▶ [Task goal]
Reproduce the records that follow in full, excluding any picture they contain.
#####
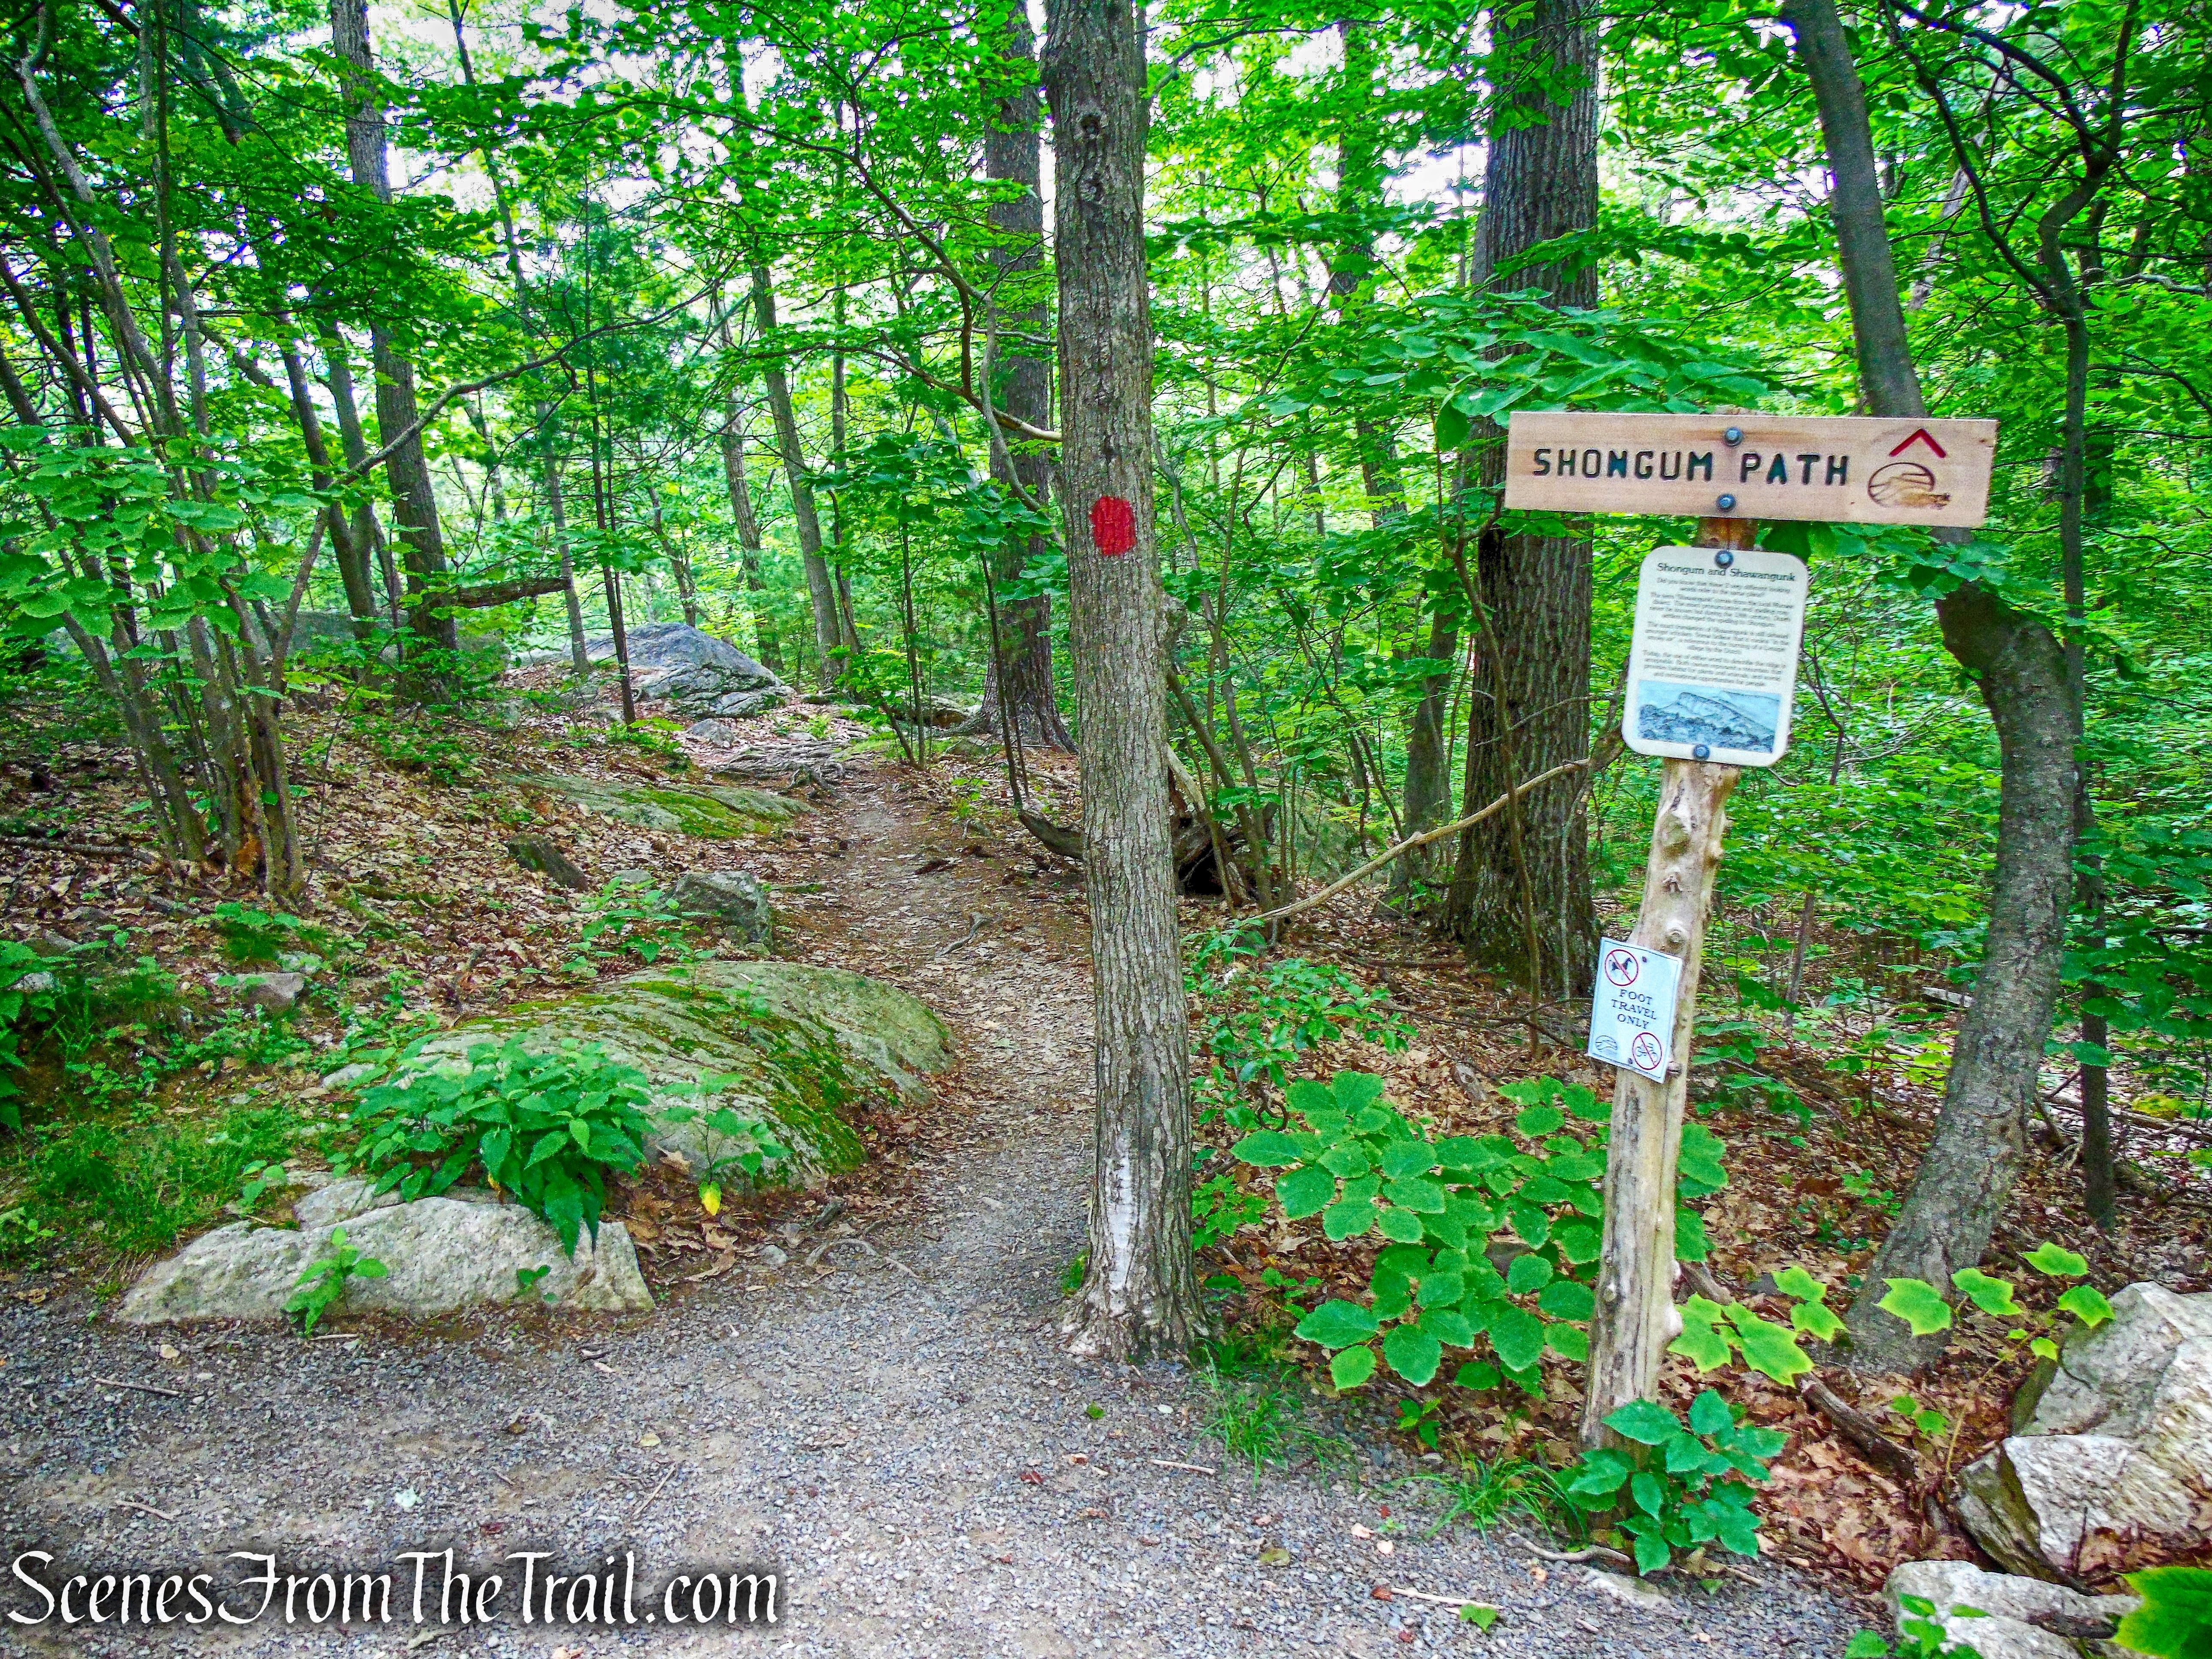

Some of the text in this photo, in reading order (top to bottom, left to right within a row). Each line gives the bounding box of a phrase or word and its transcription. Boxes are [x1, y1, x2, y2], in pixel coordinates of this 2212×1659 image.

[1533, 447, 1849, 486] SHONGUM PATH
[1658, 563, 1795, 581] Shongum and Shawangunk
[1619, 989, 1652, 1005] FOOT
[1611, 999, 1656, 1020] TRAVEL
[1617, 1014, 1649, 1029] ONLY
#####
▶ [Solved exercise]
Some of the text in this photo, in reading order (top to bottom, left to right within a row). Each line gives the bounding box of a phrase or word and its transcription. Boxes are [x1, y1, x2, y2], in pixel coordinates of this 2212×1659 image.

[1533, 447, 1849, 486] SHONGUM PATH
[1658, 563, 1795, 581] Shongum and Shawangunk
[1619, 989, 1652, 1005] FOOT
[1611, 999, 1656, 1020] TRAVEL
[1617, 1014, 1649, 1029] ONLY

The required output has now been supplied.